### Exercise objective
Search the data for "KYAGULANYI". Each line containing it is to be copied.

### Given records
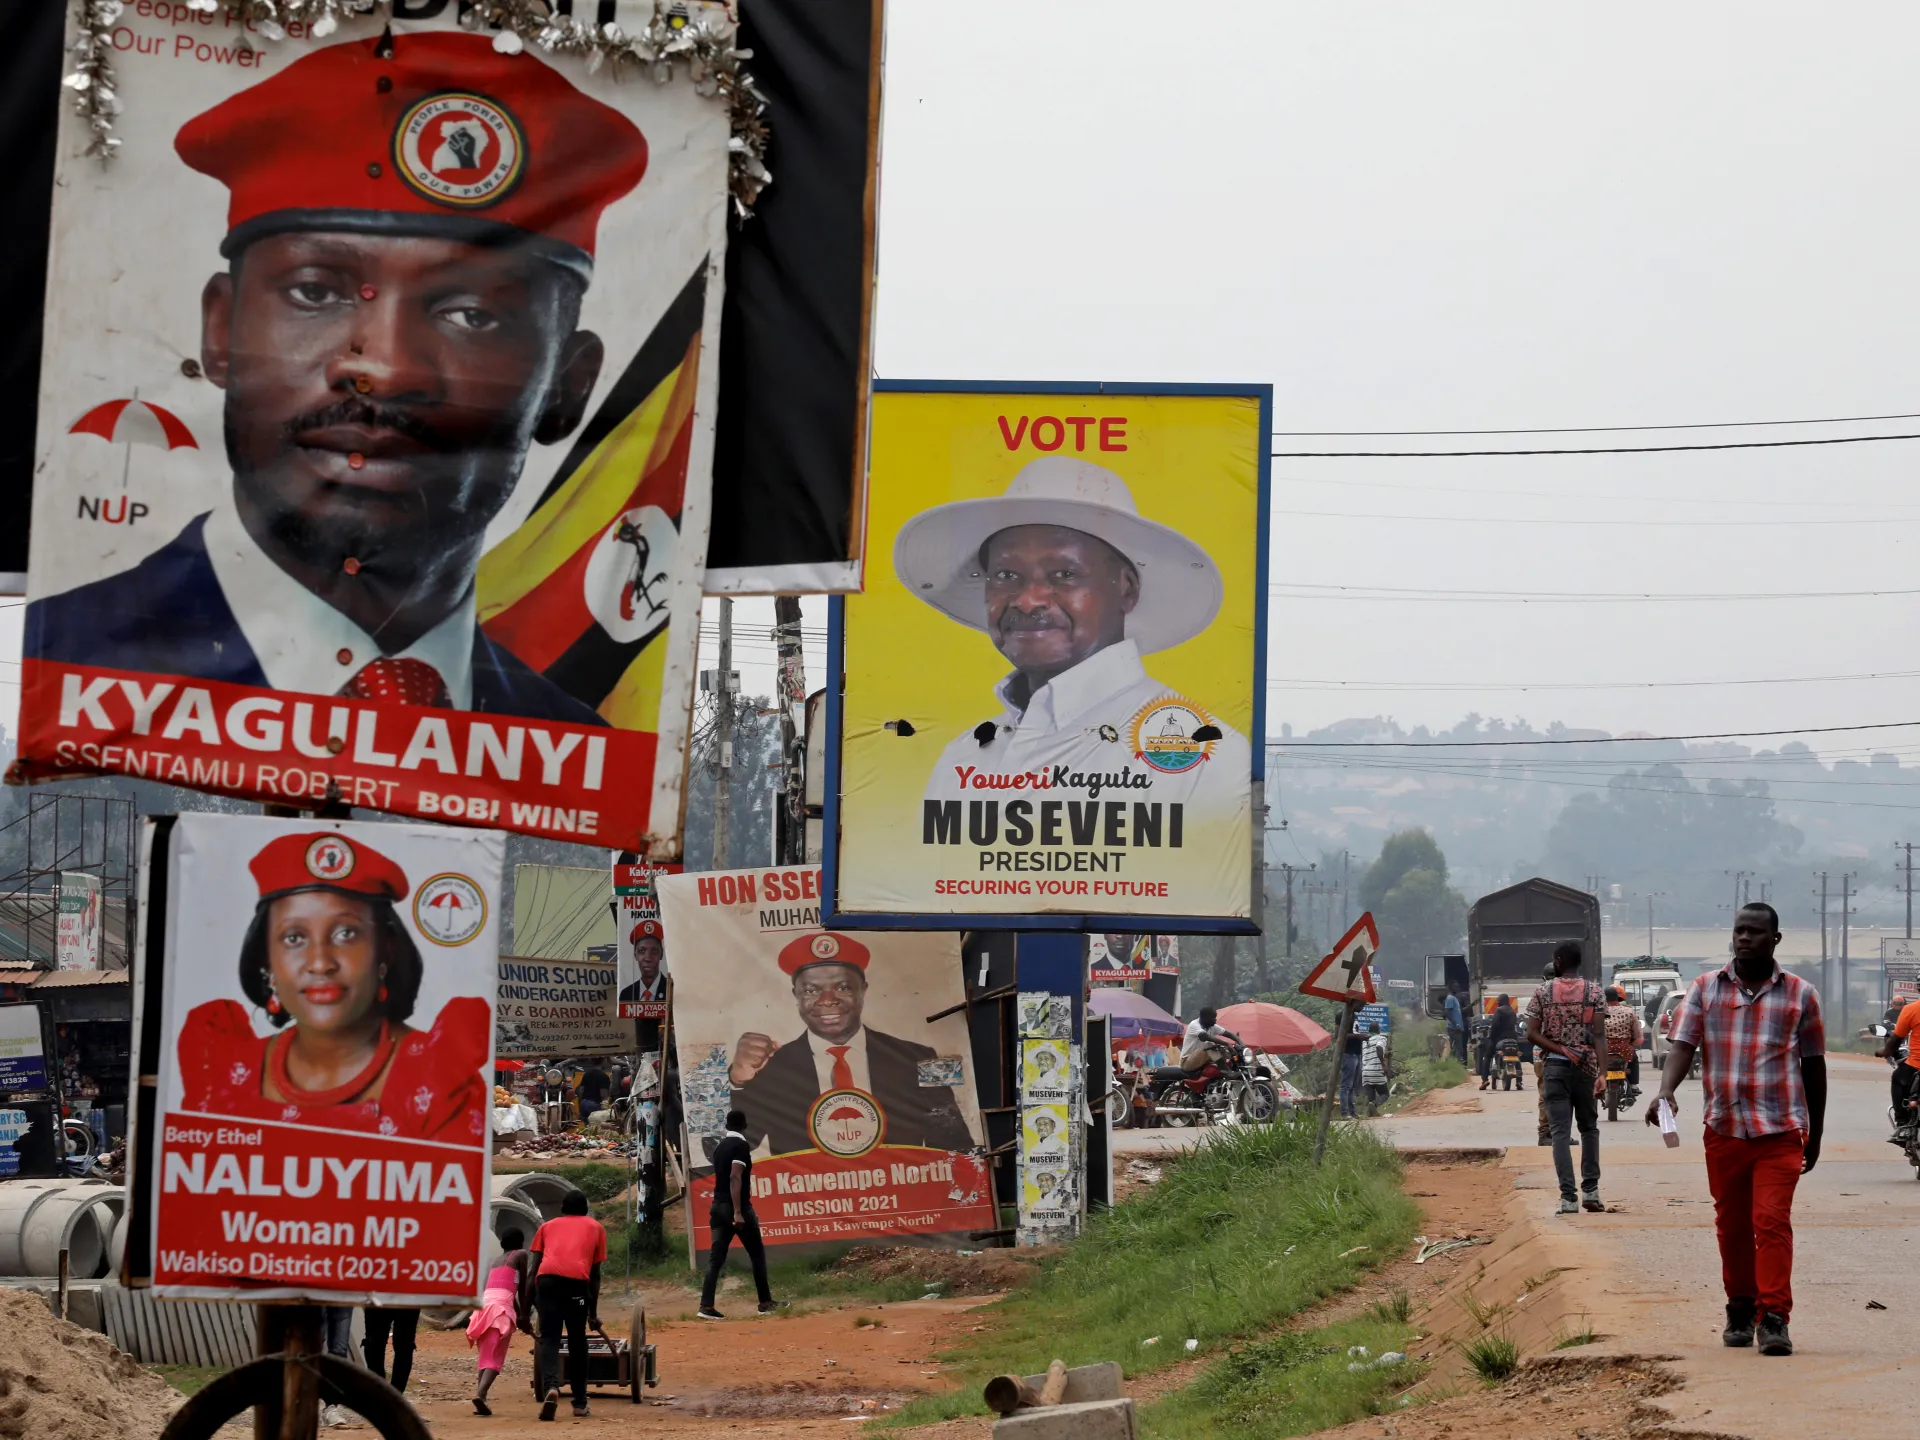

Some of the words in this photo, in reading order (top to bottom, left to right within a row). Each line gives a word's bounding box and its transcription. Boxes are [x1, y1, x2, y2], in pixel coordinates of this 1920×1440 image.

[121, 0, 213, 25] eople
[111, 27, 164, 55] Our
[174, 35, 266, 69] Power
[410, 102, 450, 134] PEOPLE
[463, 101, 505, 131] POWER
[420, 172, 452, 193] OUR
[464, 163, 509, 195] POWER
[997, 415, 1128, 452] VOTE
[77, 495, 149, 526] NUP
[59, 673, 607, 791] KYAGULANYI
[55, 740, 245, 789] SSENTAMU
[256, 765, 400, 809] ROBERT
[418, 791, 500, 822] BOBI
[511, 802, 598, 835] WINE
[922, 799, 1184, 848] MUSEVENI
[979, 851, 1127, 873] PRESIDENT
[698, 874, 757, 906] HON
[934, 879, 1031, 895] SECURING
[1035, 880, 1088, 895] YOUR
[1093, 881, 1169, 897] FUTURE
[623, 896, 657, 910] MUW
[552, 966, 618, 986] SCHOOL
[1095, 969, 1146, 977] KYAGULANYI
[497, 984, 608, 1003] KINDERGARTEN
[515, 1005, 524, 1017] &
[529, 1005, 605, 1019] BOARDING
[627, 1004, 644, 1017] MP
[515, 1045, 557, 1053] TREASURE
[3, 1076, 28, 1084] U3826
[1029, 1090, 1063, 1098] MUSEVENI
[13, 1112, 26, 1124] SC
[816, 1100, 834, 1127] NATIONAL
[832, 1096, 852, 1104] UNITY
[852, 1096, 877, 1123] PLATFORM
[164, 1126, 213, 1148] Betty
[216, 1127, 262, 1146] Ethel
[837, 1130, 862, 1142] NUP
[1029, 1156, 1064, 1164] MUSEVENI
[163, 1151, 474, 1205] NALUYIMA
[776, 1168, 886, 1194] Kawempe
[891, 1160, 953, 1185] North
[783, 1197, 853, 1217] MISSION
[859, 1195, 898, 1212] 2021
[1030, 1211, 1065, 1220] MUSEVENI
[221, 1210, 355, 1247] Woman
[363, 1216, 420, 1249] MP
[760, 1223, 802, 1237] Esuubi
[805, 1221, 830, 1236] Lya
[833, 1218, 894, 1233] Kawempe
[160, 1249, 244, 1275] Wakiso
[249, 1251, 333, 1278] District
[337, 1255, 475, 1287] (2021-2026)

### Task output
[59, 673, 607, 791] KYAGULANYI
[1095, 969, 1146, 977] KYAGULANYI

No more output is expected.